[Referring expression grounding data]
=-=-=-=-=

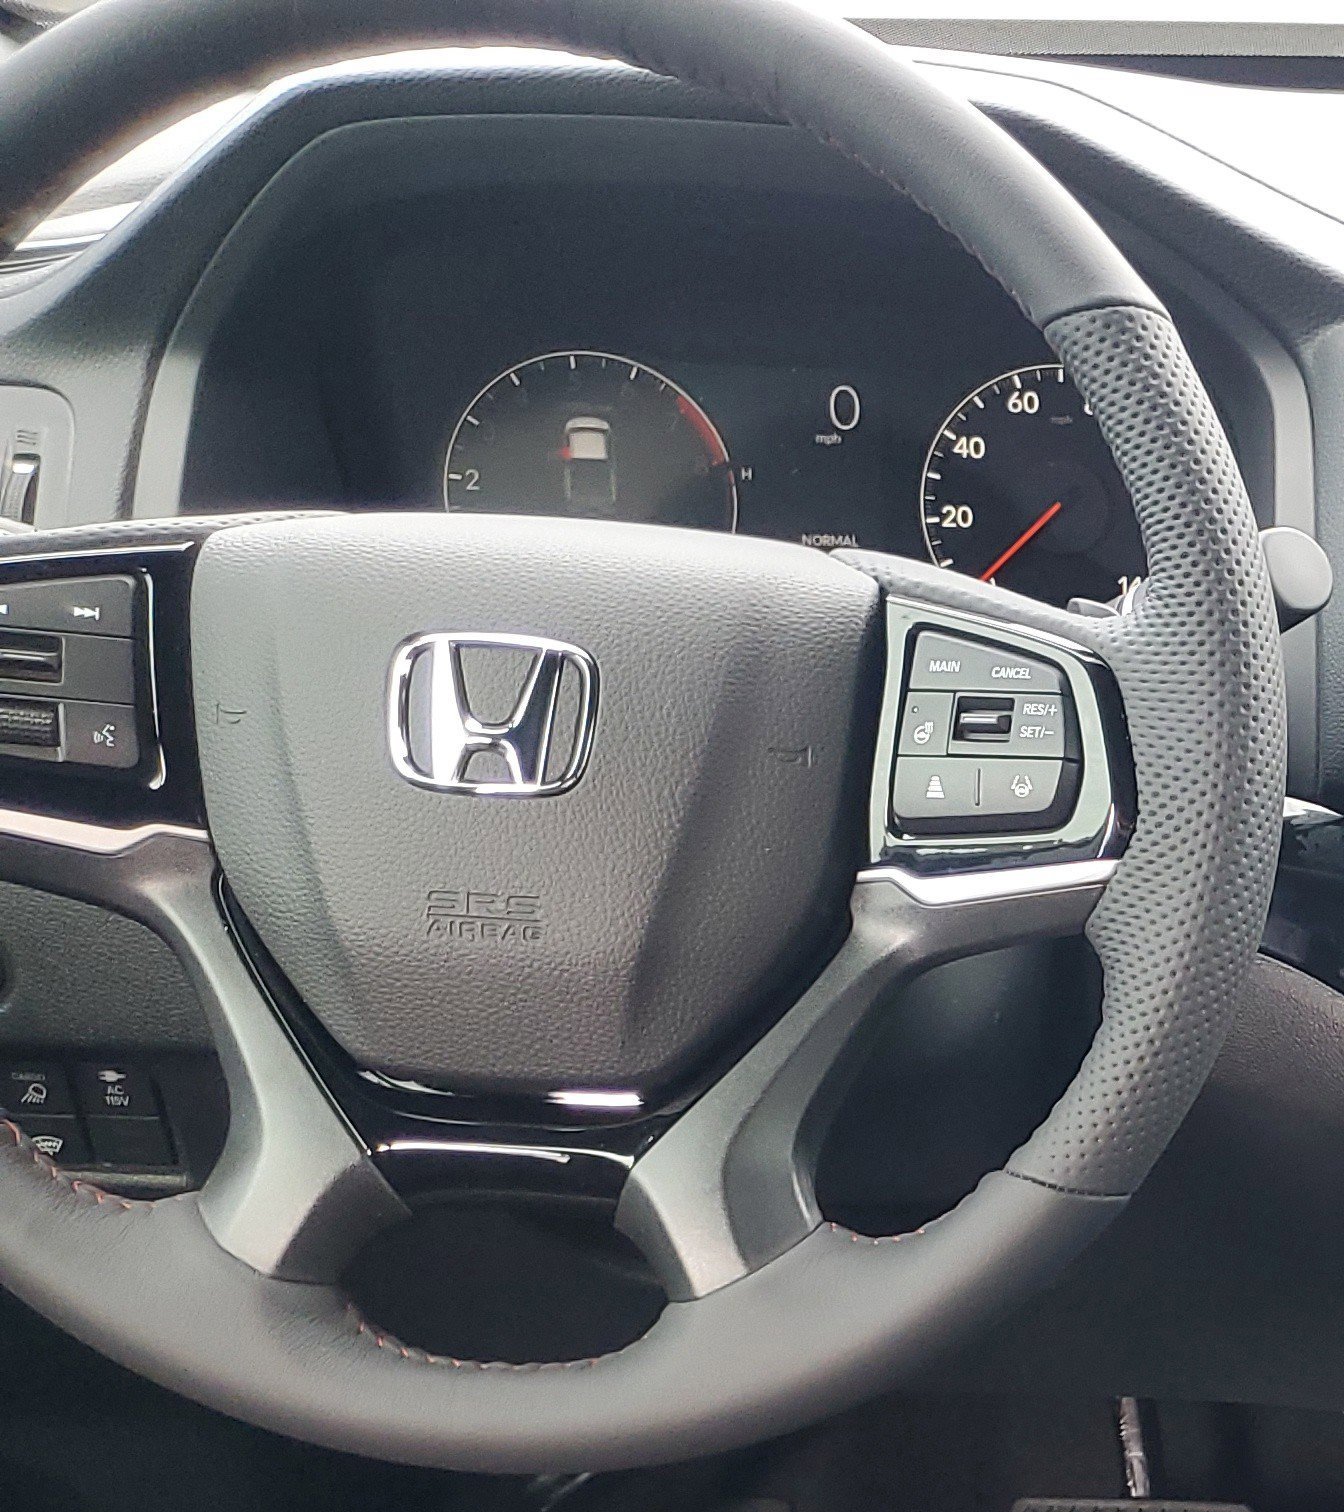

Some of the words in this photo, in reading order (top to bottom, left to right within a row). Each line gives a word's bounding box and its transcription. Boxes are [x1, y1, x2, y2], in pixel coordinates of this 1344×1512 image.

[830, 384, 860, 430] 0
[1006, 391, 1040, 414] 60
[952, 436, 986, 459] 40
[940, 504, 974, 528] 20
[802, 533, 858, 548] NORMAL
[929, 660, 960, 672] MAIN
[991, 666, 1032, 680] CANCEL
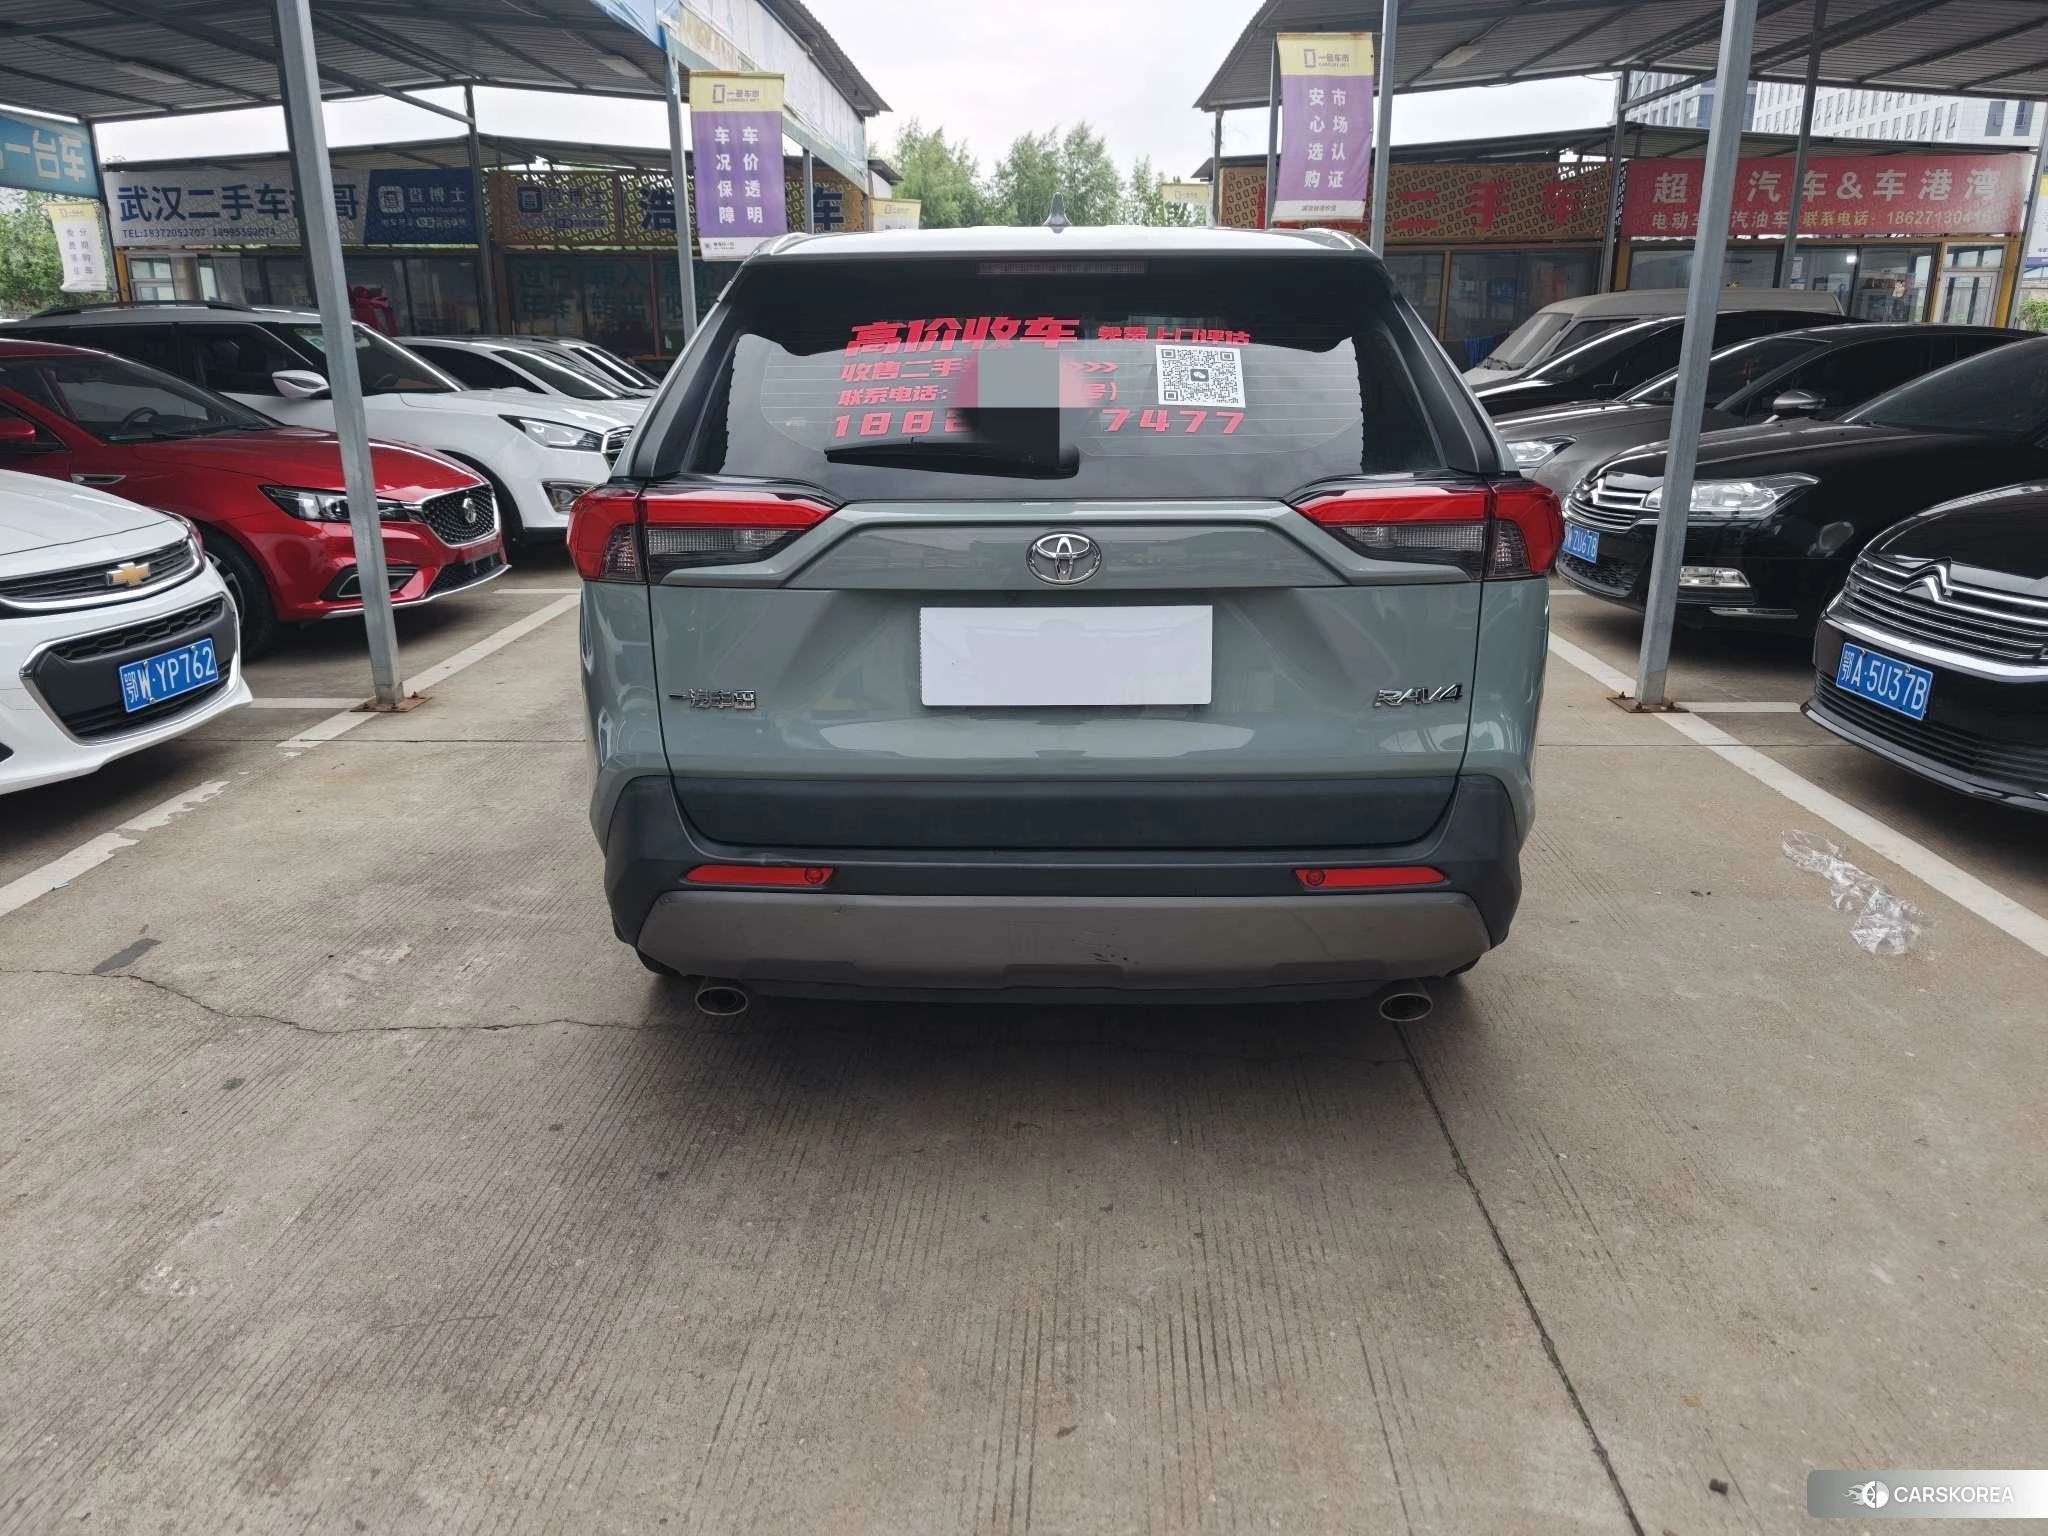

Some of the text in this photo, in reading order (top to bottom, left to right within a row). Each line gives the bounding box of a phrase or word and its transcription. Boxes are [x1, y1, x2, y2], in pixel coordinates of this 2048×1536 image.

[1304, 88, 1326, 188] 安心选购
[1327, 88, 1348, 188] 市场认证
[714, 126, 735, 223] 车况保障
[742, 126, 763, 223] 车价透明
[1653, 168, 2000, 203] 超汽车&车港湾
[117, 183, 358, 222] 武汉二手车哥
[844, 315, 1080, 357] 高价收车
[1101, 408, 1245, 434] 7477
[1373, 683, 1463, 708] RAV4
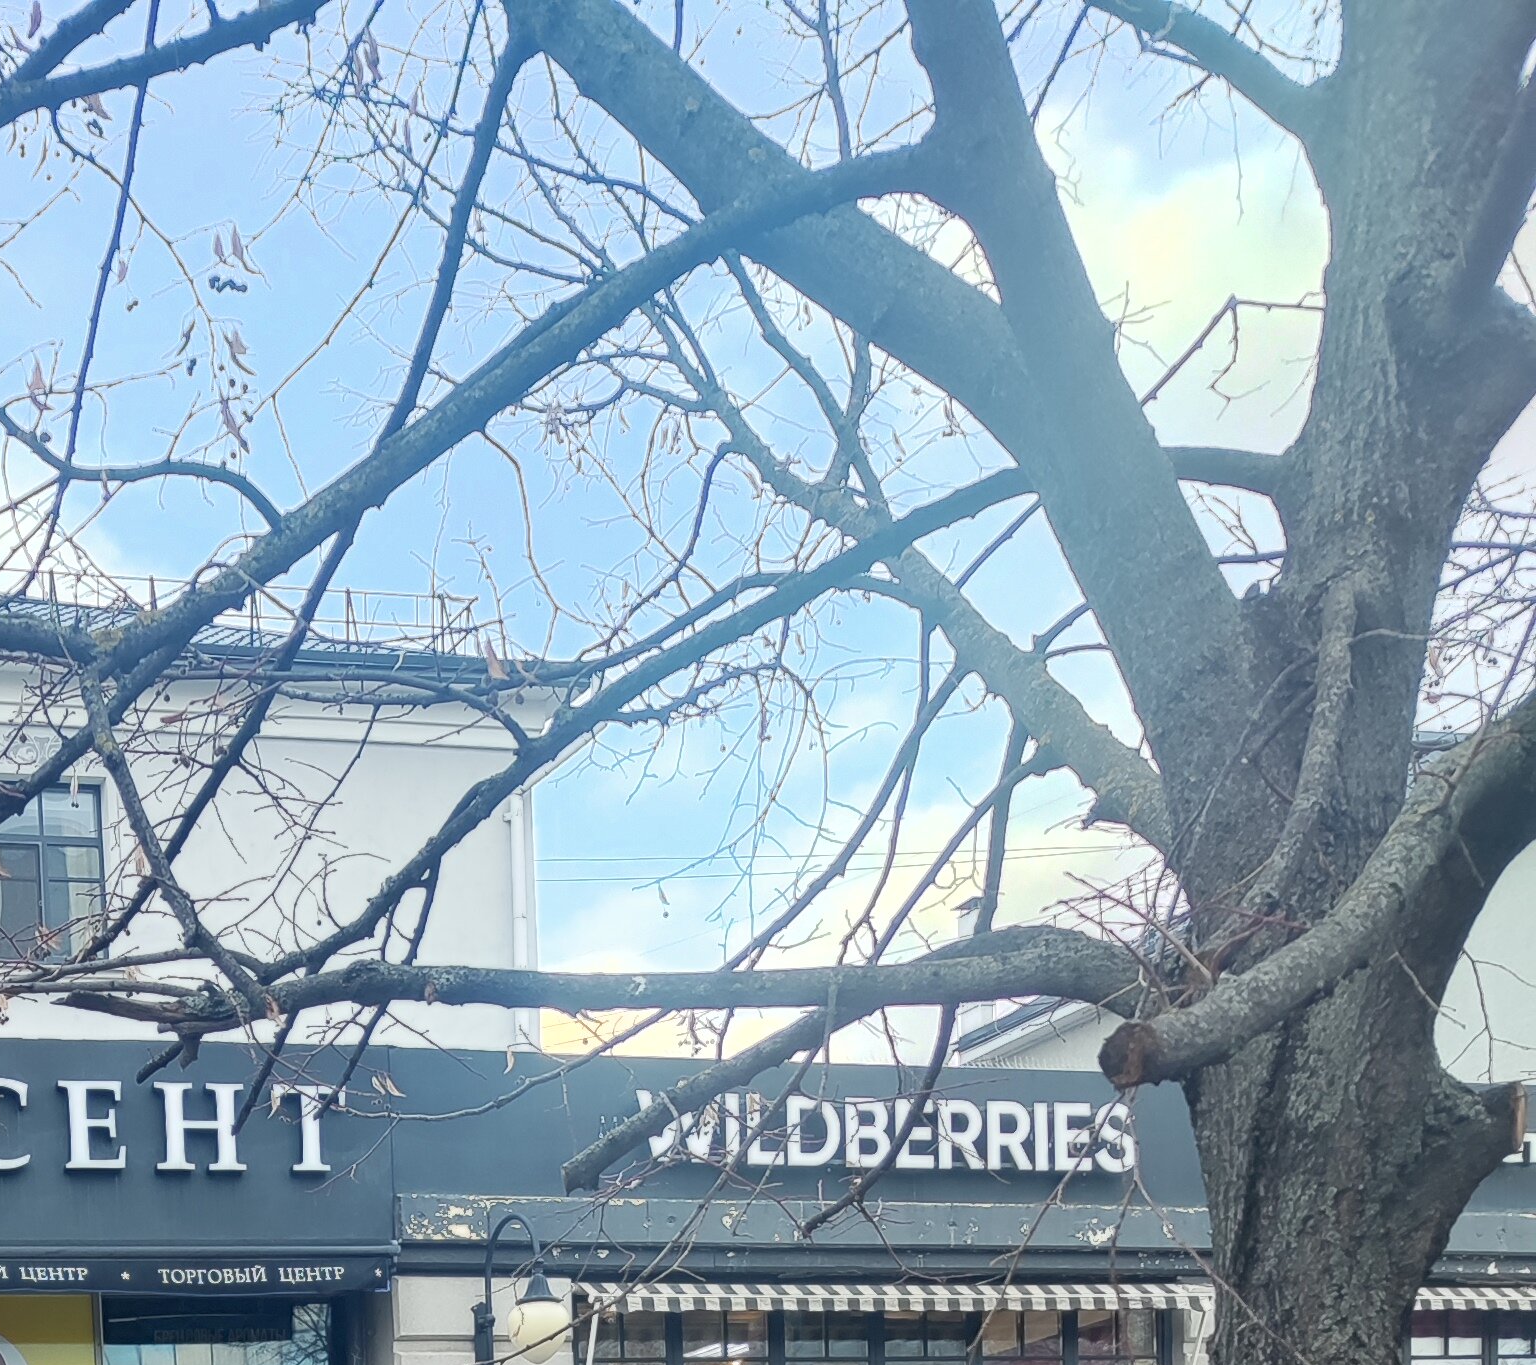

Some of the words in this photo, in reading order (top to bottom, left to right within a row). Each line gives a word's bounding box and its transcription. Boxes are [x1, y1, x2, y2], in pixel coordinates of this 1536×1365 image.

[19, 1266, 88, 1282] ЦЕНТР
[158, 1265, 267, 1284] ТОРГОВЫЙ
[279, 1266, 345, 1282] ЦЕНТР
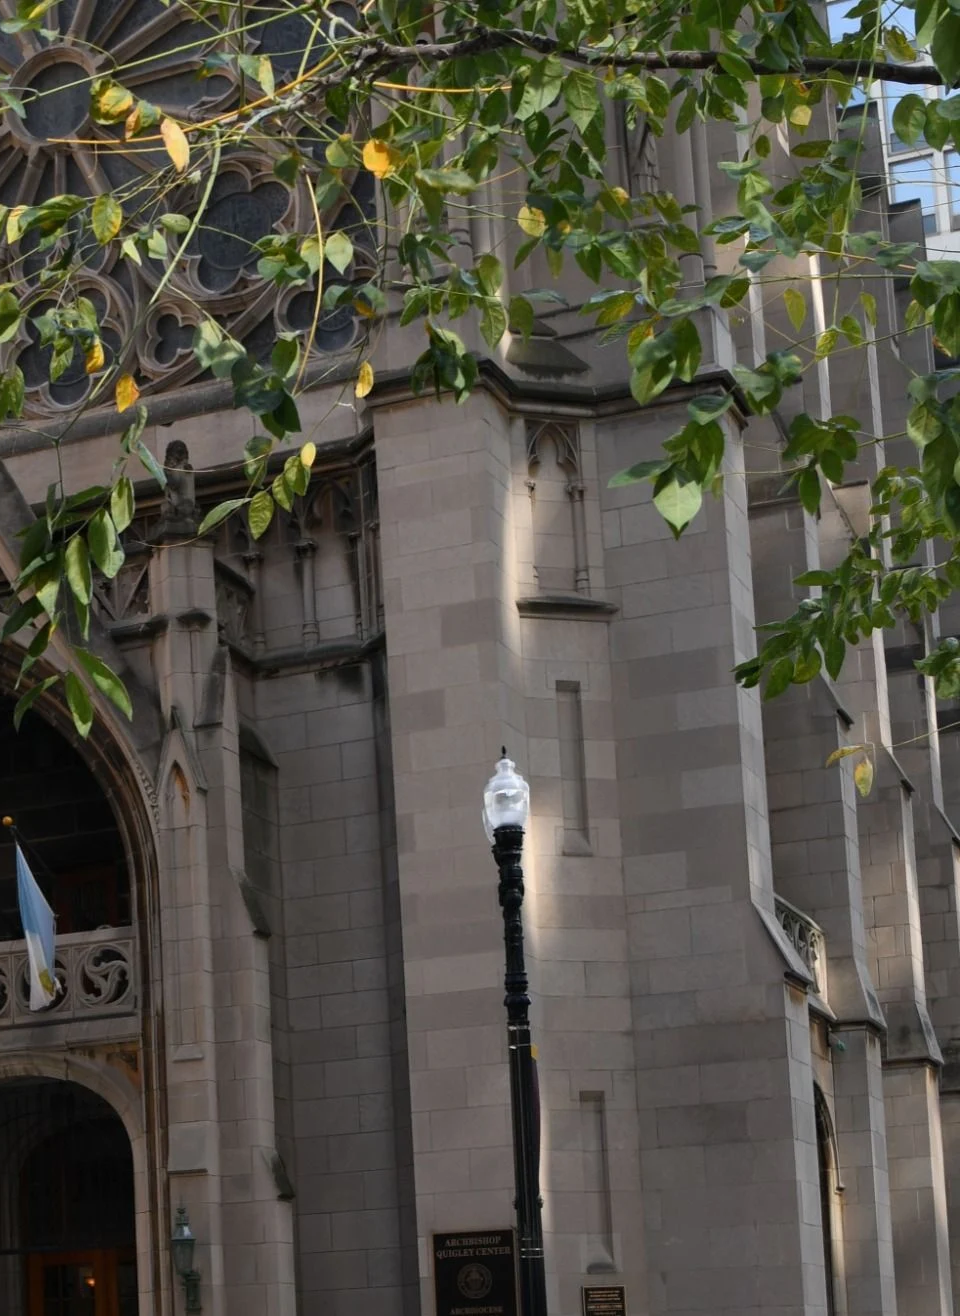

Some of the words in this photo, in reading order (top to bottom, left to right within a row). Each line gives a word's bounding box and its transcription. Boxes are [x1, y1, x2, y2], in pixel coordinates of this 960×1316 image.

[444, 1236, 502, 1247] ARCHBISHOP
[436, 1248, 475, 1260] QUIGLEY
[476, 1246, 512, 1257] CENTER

=-=-=-=-=

Task item
Each line from the one containing "this 960×1316 image." to the end of the records should be echoed exactly, and no other line.

Expected answer
Some of the words in this photo, in reading order (top to bottom, left to right within a row). Each line gives a word's bounding box and its transcription. Boxes are [x1, y1, x2, y2], in pixel coordinates of this 960×1316 image.

[444, 1236, 502, 1247] ARCHBISHOP
[436, 1248, 475, 1260] QUIGLEY
[476, 1246, 512, 1257] CENTER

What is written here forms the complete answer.